Transcribe the records exactly. Pictures do not belong in the transcription.

DATA PROVIDED:
※ ※ ※
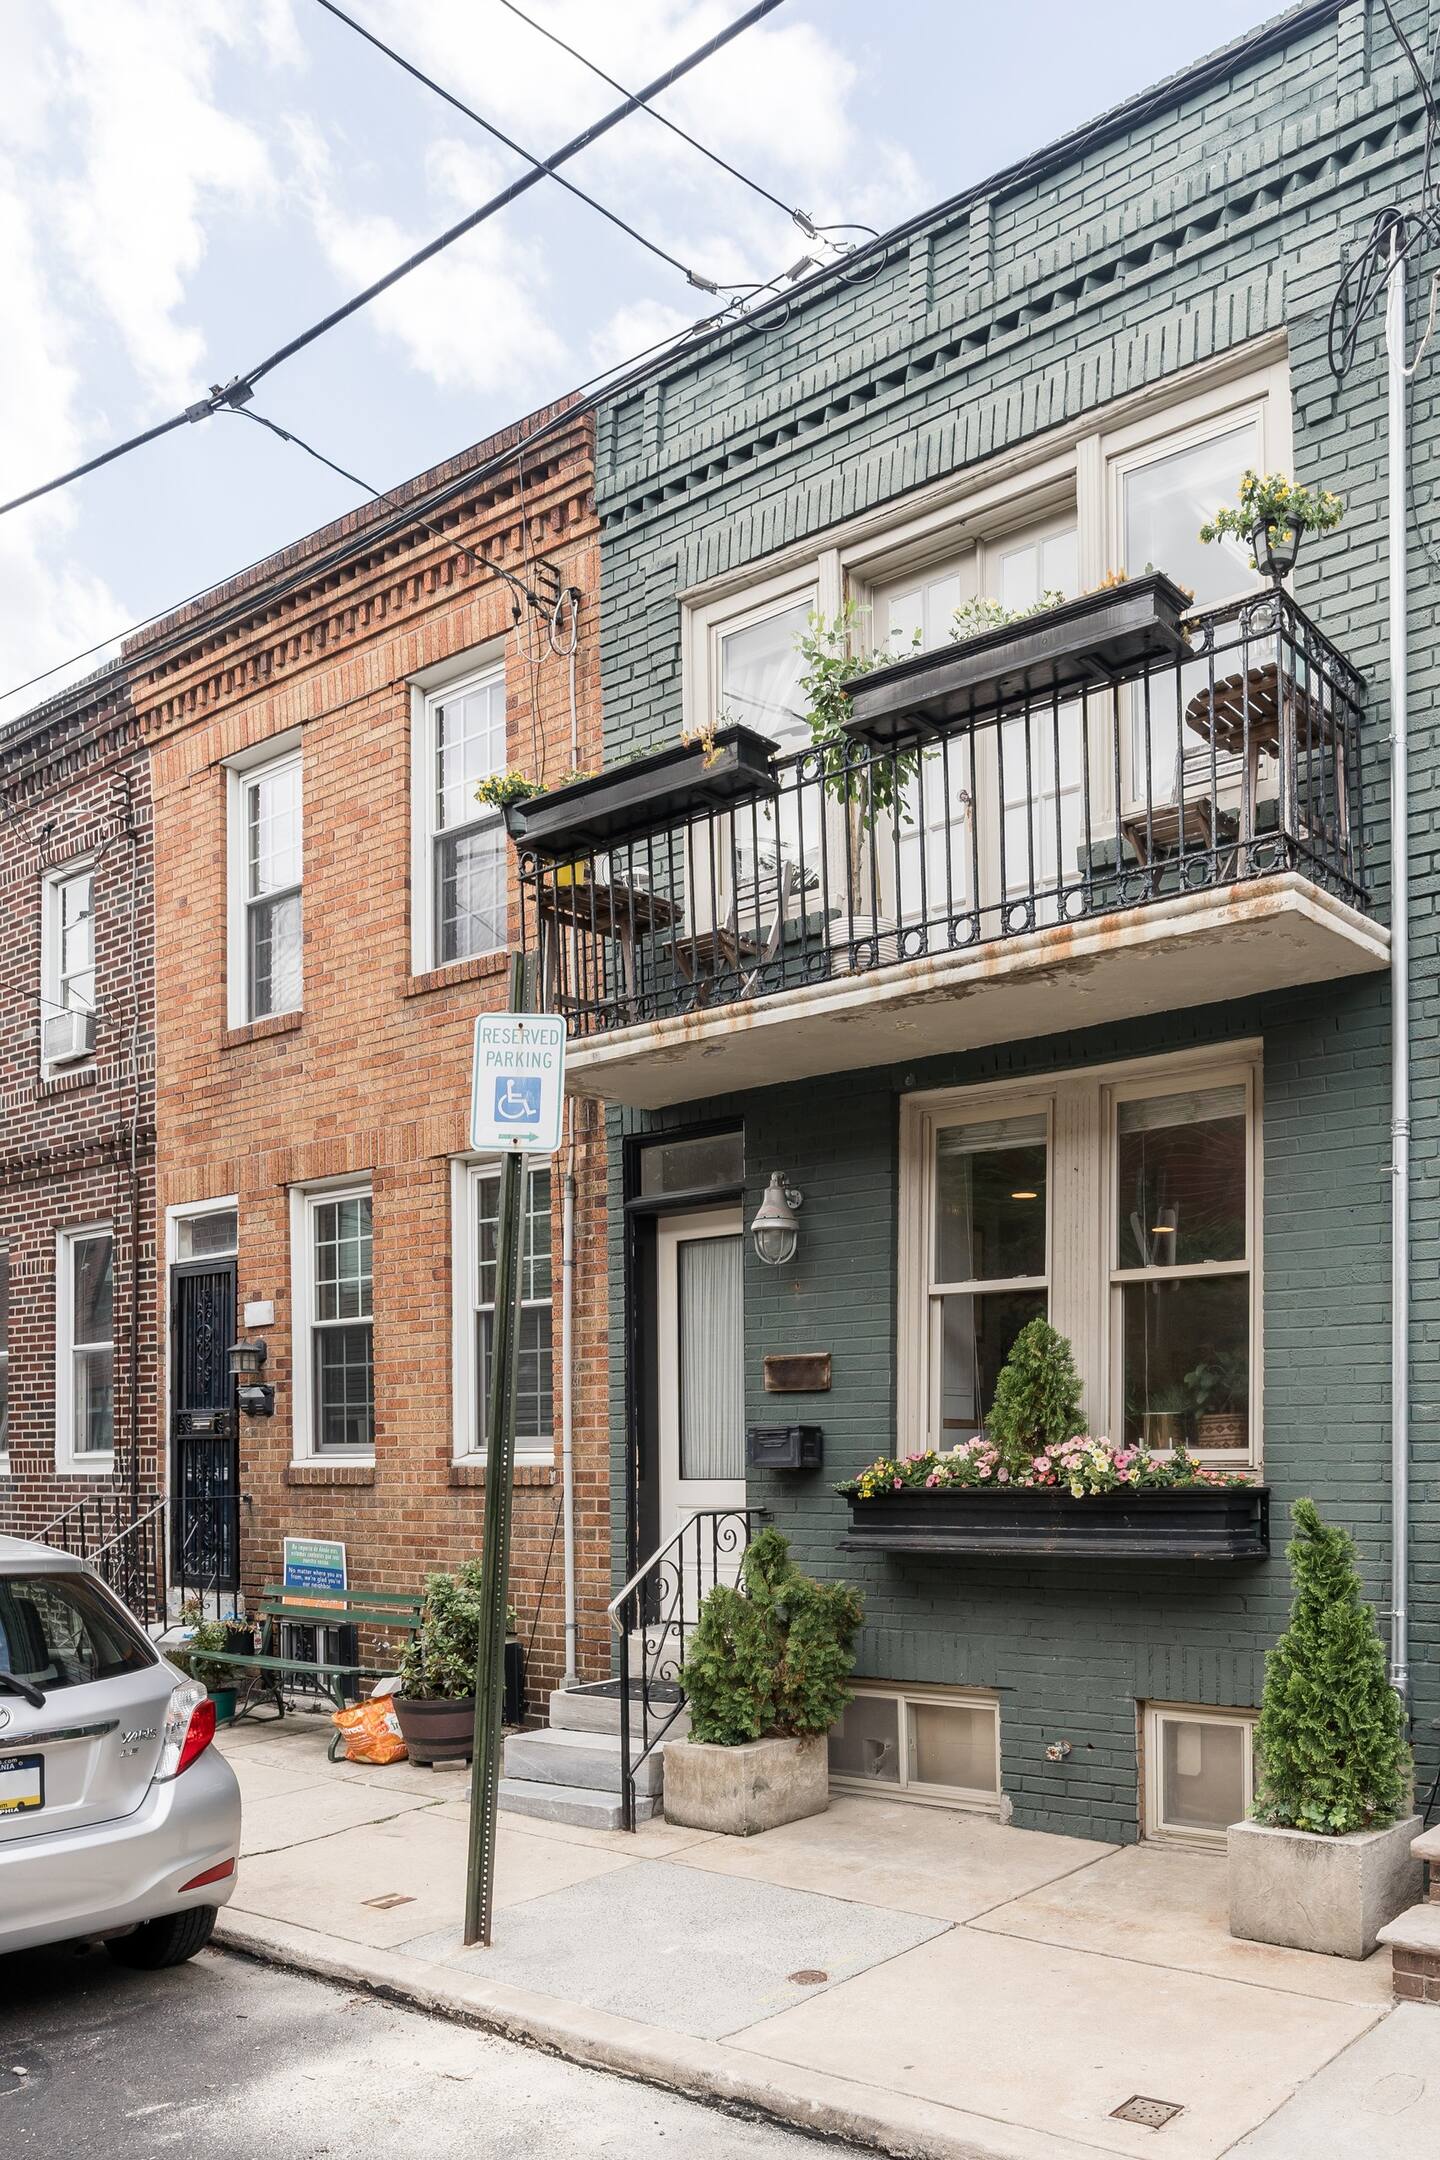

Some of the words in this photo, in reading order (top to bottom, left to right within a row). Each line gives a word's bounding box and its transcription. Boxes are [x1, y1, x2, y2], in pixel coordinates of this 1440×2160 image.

[482, 1027, 559, 1046] RESERVED
[486, 1051, 552, 1069] PARKING
[313, 1569, 326, 1577] where
[317, 1576, 328, 1584] glad
[121, 1727, 157, 1744] YARIS
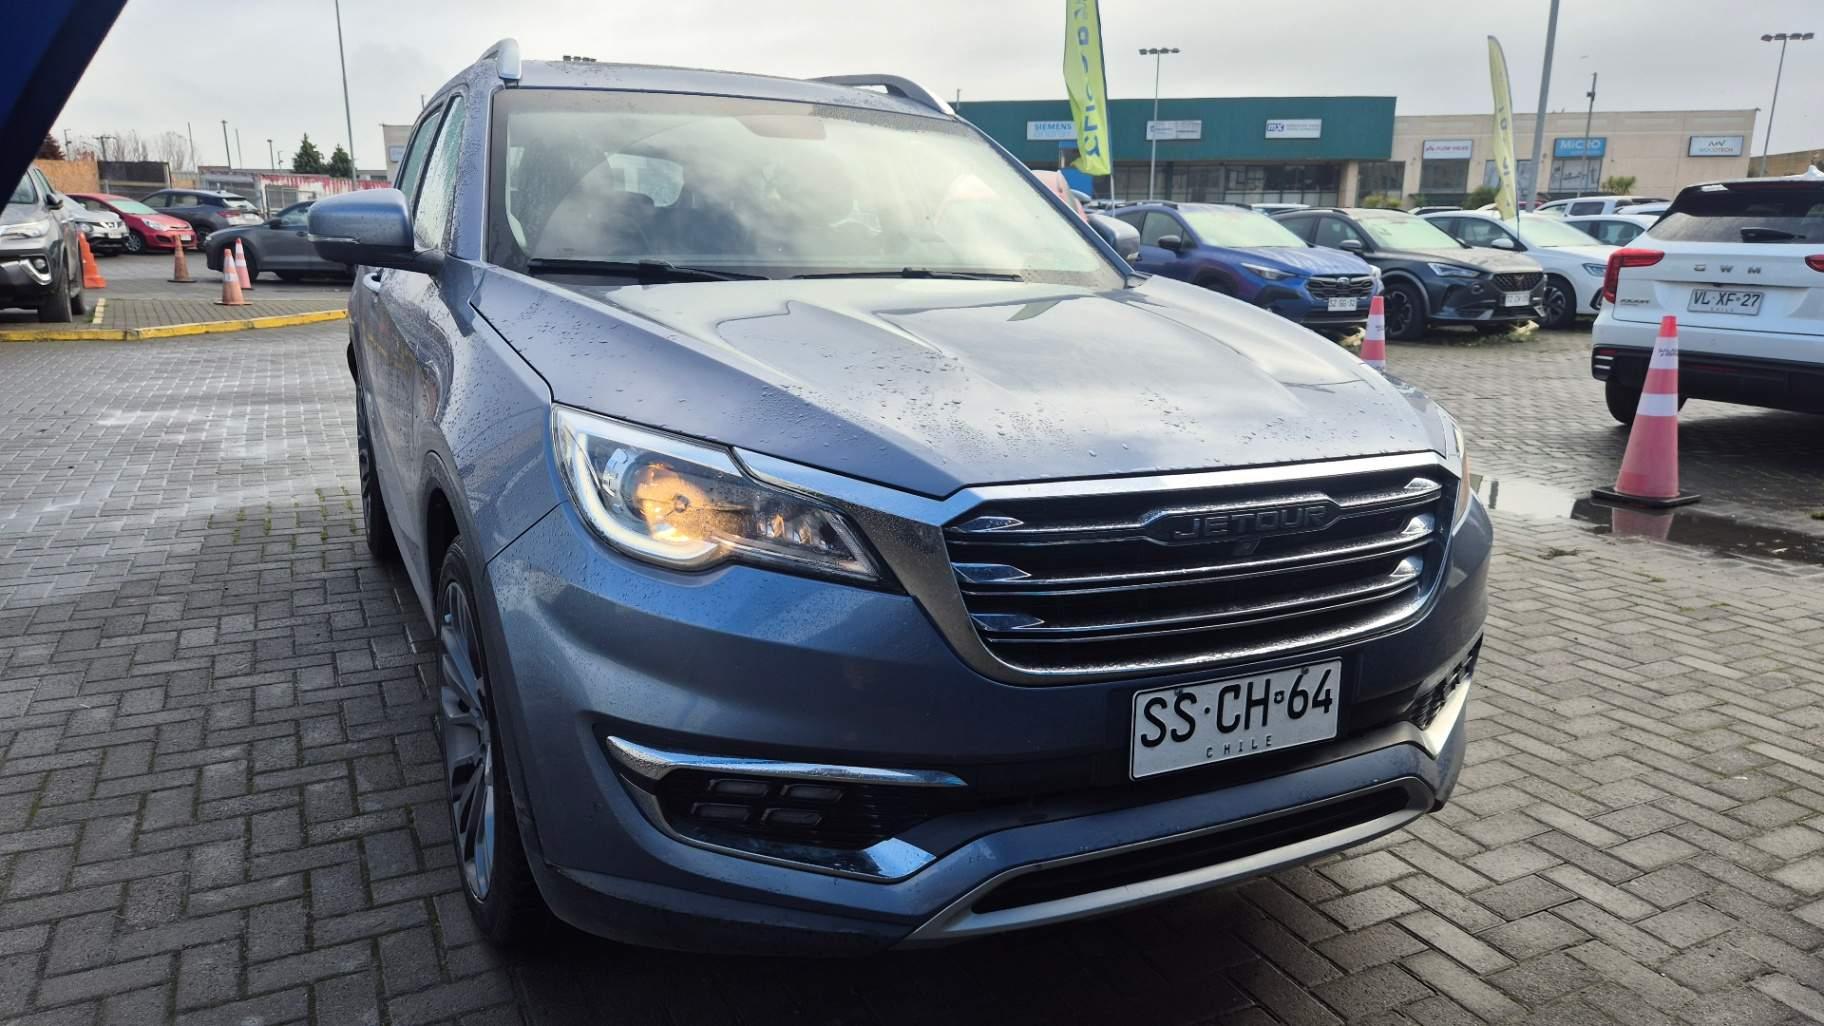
※ ※ ※
SOLUTION TO THIS PROBLEM:
Some of the words in this photo, in reading order (top to bottom, left to right within a row). Each line gives a word's bounding box and its transcription. Boxes are [x1, y1, x2, y2], in pixel coordinates of this 1440×2160 image.

[482, 1027, 559, 1046] RESERVED
[486, 1051, 552, 1069] PARKING
[313, 1569, 326, 1577] where
[317, 1576, 328, 1584] glad
[121, 1727, 157, 1744] YARIS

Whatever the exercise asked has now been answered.